▶ [Task objective] Print every entry again exactly, with no pictures.

▶ [Dataset excerpts]
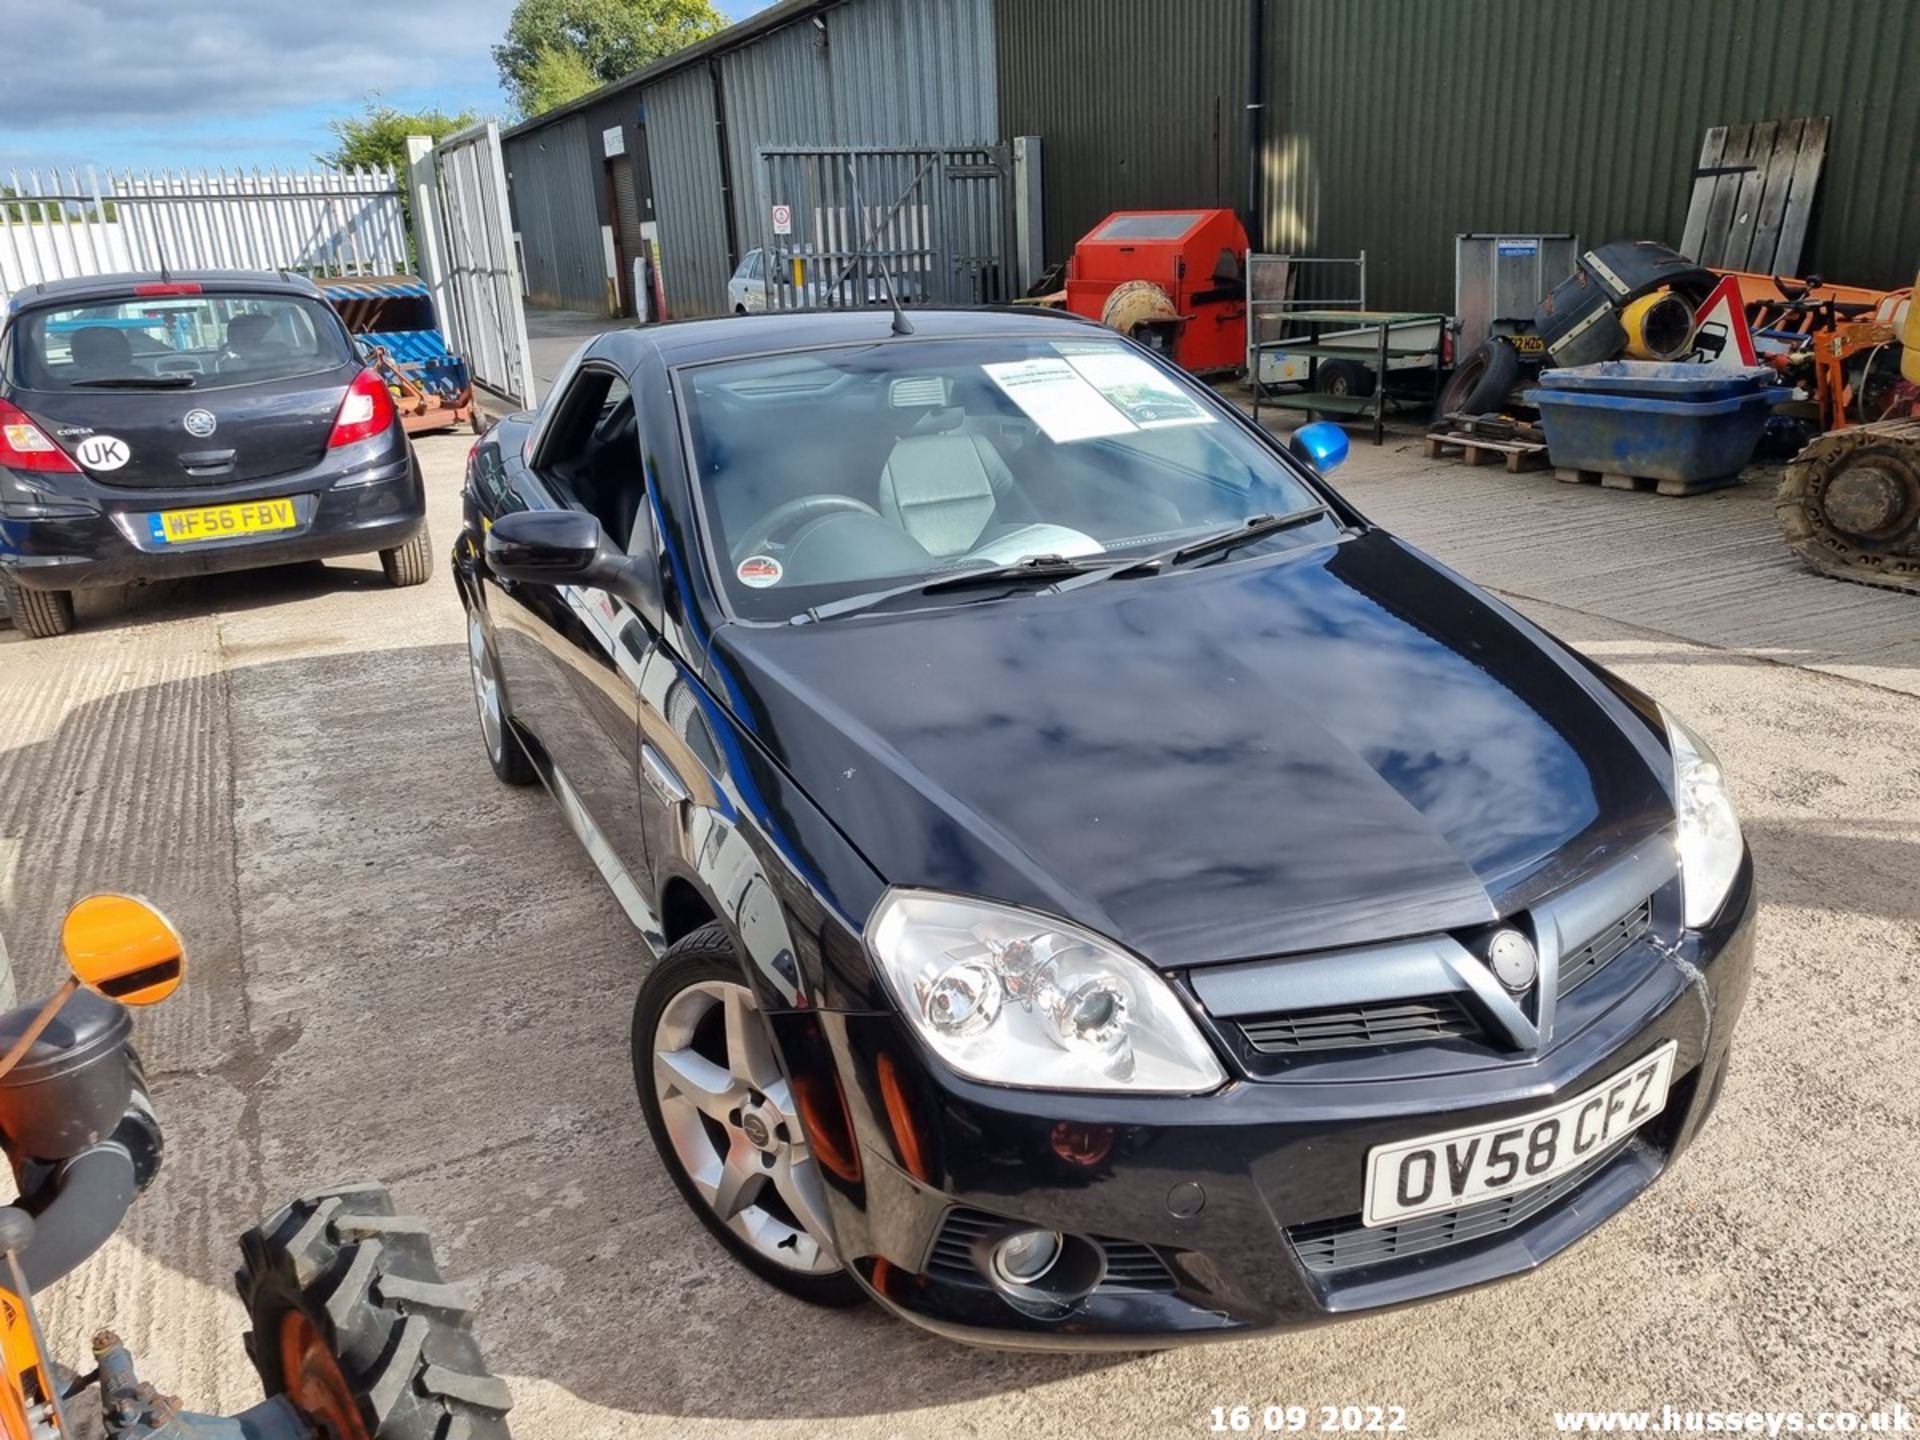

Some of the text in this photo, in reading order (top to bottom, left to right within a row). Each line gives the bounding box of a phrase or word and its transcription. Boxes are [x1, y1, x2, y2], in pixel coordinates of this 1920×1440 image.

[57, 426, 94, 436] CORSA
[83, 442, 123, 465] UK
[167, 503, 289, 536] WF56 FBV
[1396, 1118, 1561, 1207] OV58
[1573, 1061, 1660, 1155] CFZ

▶ [Response box]
Some of the text in this photo, in reading order (top to bottom, left to right within a row). Each line gives the bounding box of a phrase or word and its transcription. Boxes are [x1, y1, x2, y2], in pixel coordinates of this 1920×1440 image.

[57, 426, 94, 436] CORSA
[83, 442, 123, 465] UK
[167, 503, 289, 536] WF56 FBV
[1396, 1118, 1561, 1207] OV58
[1573, 1061, 1660, 1155] CFZ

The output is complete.